Saved data entries:
·····

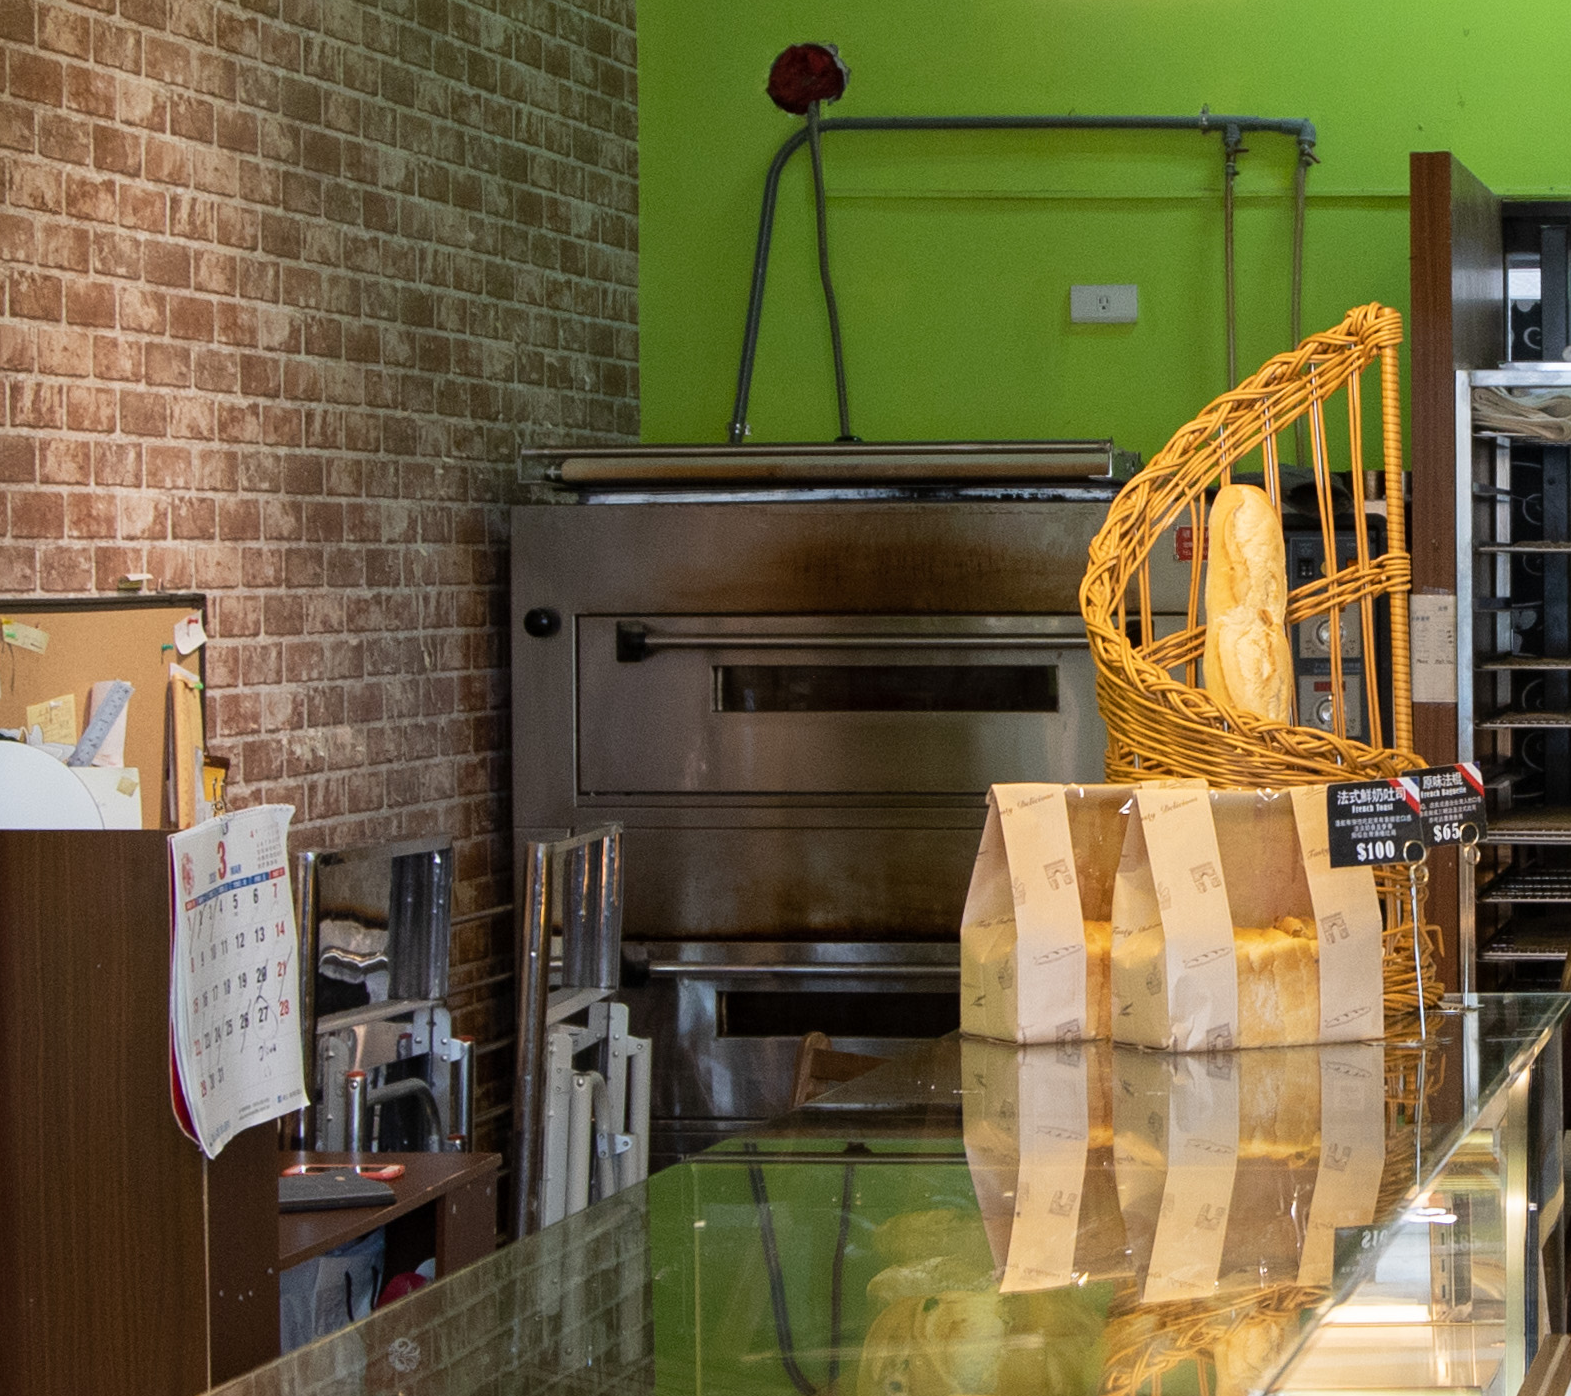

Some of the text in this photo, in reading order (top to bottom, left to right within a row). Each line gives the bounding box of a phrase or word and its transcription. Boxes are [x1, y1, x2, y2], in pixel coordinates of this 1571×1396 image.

[1336, 786, 1407, 806] 法式鮮奶吐司
[1432, 821, 1460, 844] $65
[216, 840, 228, 881] 3
[1355, 839, 1396, 862] $100
[232, 892, 239, 911] 5
[252, 887, 260, 905] 6
[234, 931, 246, 950] 12
[254, 925, 266, 944] 13
[274, 919, 286, 938] 14
[237, 971, 248, 989] 19
[257, 1005, 269, 1024] 27
[278, 998, 290, 1017] 28
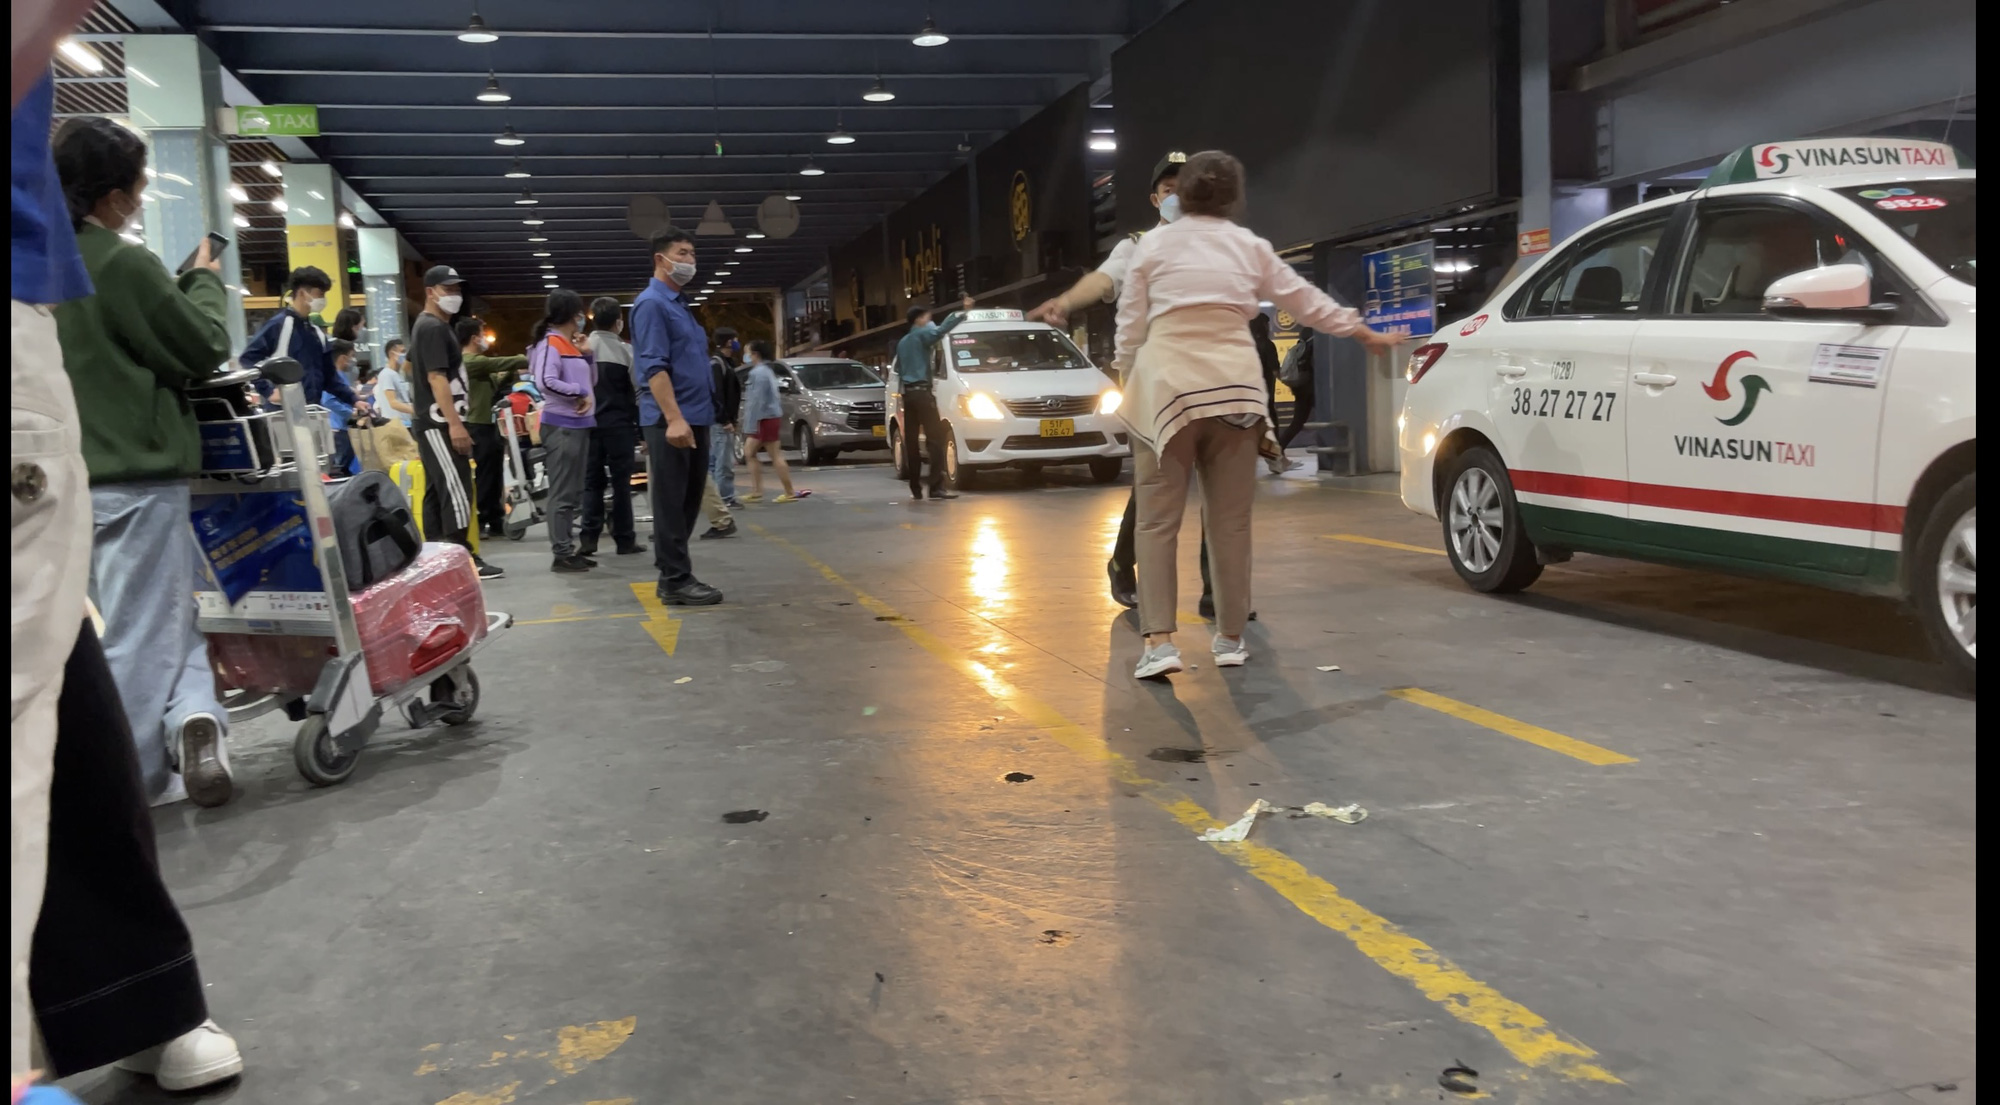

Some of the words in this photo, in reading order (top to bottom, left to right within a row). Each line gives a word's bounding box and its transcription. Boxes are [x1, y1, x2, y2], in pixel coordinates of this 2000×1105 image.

[272, 113, 316, 129] TAXI
[1877, 197, 1945, 209] 9824
[1551, 360, 1576, 380] (028)
[1511, 387, 1561, 418] 38.27
[1564, 389, 1588, 420] 27
[1592, 391, 1617, 422] 27
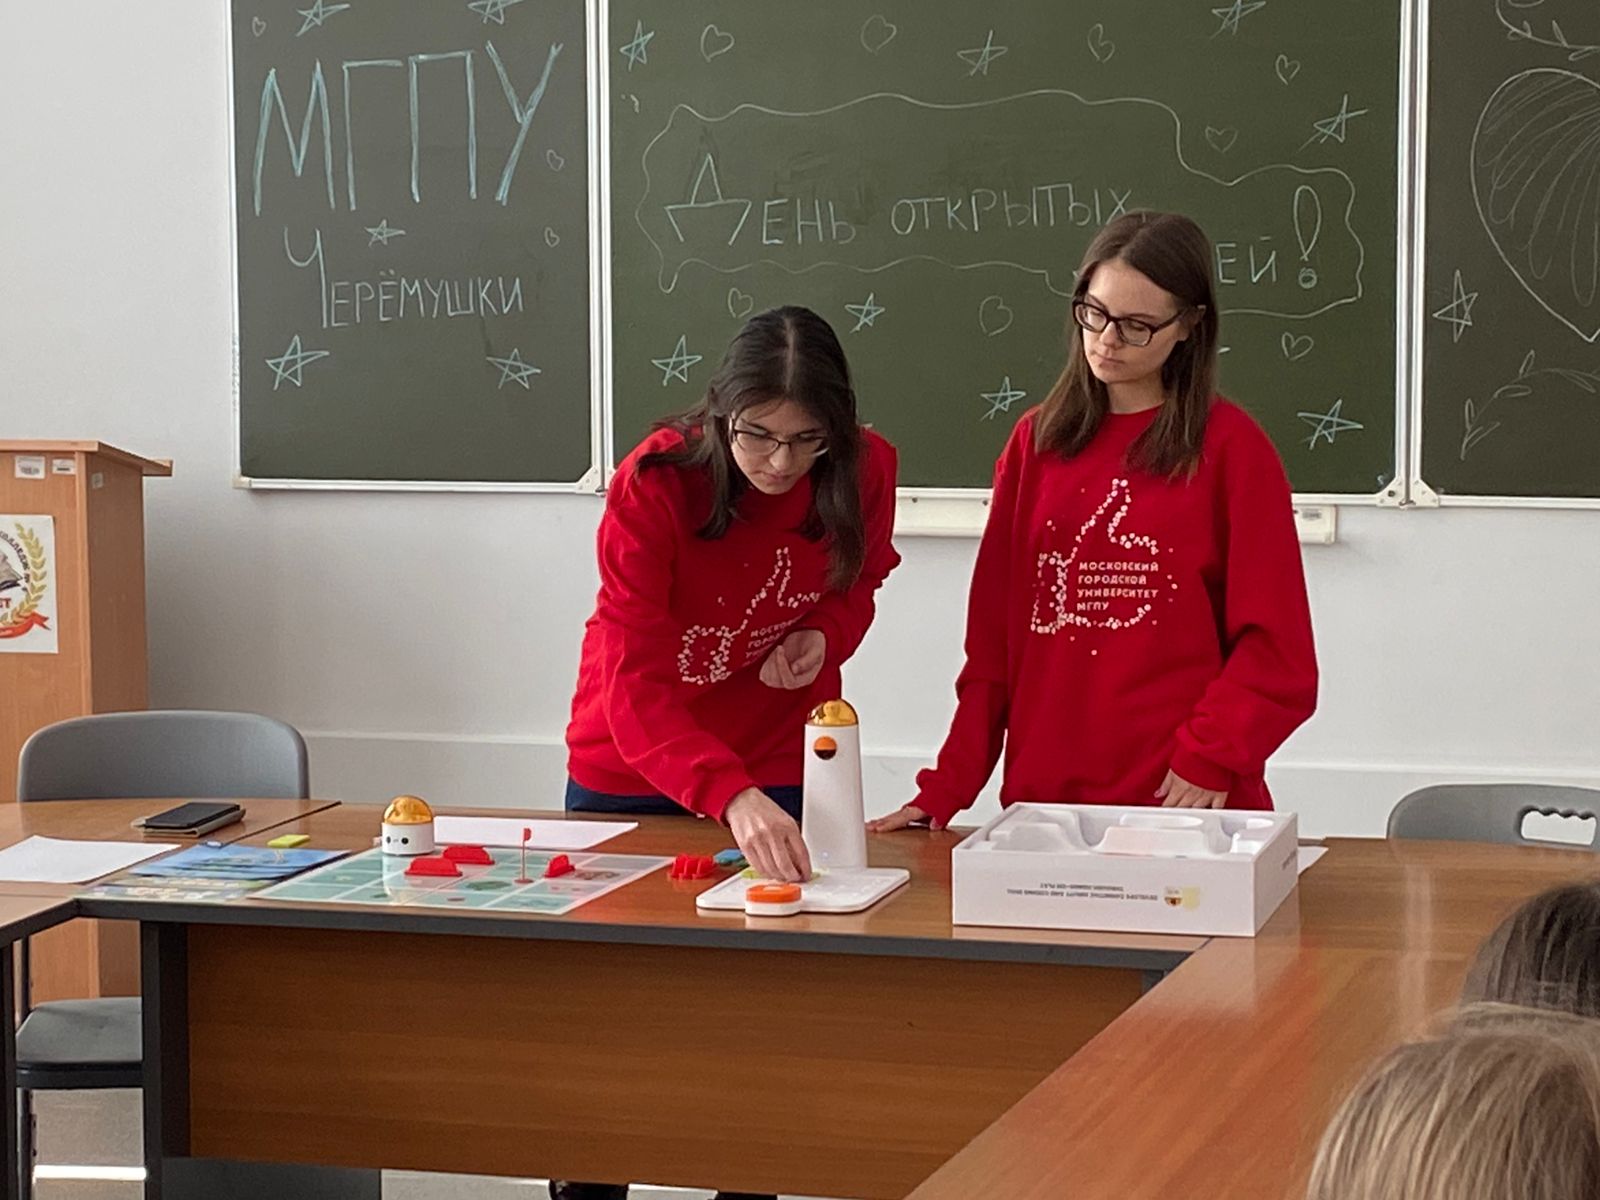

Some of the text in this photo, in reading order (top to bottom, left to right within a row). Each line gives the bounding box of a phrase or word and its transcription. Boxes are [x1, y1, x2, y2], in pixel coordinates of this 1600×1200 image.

[253, 40, 564, 217] МГПУ
[1078, 561, 1159, 572] МОСКОВСКИЙ
[1078, 575, 1147, 585] ГОРОДСКОЙ
[1077, 588, 1159, 599] УНИВЕРСИТЕТ
[1076, 601, 1109, 612] МГПУ

·····

• [PROBLEM TO SOLVE] Each record, word for word, should be printed again without its pictures.

• [EXERCISE RESULT]
Some of the text in this photo, in reading order (top to bottom, left to right within a row). Each line gives the bounding box of a phrase or word and its transcription. Boxes are [x1, y1, x2, y2], in pixel coordinates of this 1571×1396 image.

[1336, 786, 1407, 806] 法式鮮奶吐司
[1432, 821, 1460, 844] $65
[216, 840, 228, 881] 3
[1355, 839, 1396, 862] $100
[232, 892, 239, 911] 5
[252, 887, 260, 905] 6
[234, 931, 246, 950] 12
[254, 925, 266, 944] 13
[274, 919, 286, 938] 14
[237, 971, 248, 989] 19
[257, 1005, 269, 1024] 27
[278, 998, 290, 1017] 28

Some of the words in this photo, in reading order (top to bottom, left to right within a row). Each line gives a word's bounding box and its transcription. Boxes are [x1, y1, x2, y2], in pixel coordinates of this 2000×1105 image.

[272, 113, 316, 129] TAXI
[1877, 197, 1945, 209] 9824
[1551, 360, 1576, 380] (028)
[1511, 387, 1561, 418] 38.27
[1564, 389, 1588, 420] 27
[1592, 391, 1617, 422] 27

Some of the text in this photo, in reading order (top to bottom, left to right within a row). Each line gives the bounding box of a phrase or word and its transcription. Boxes are [x1, y1, x2, y2], in pixel coordinates of this 1600×1200 image.

[253, 40, 564, 217] МГПУ
[1078, 561, 1159, 572] МОСКОВСКИЙ
[1078, 575, 1147, 585] ГОРОДСКОЙ
[1077, 588, 1159, 599] УНИВЕРСИТЕТ
[1076, 601, 1109, 612] МГПУ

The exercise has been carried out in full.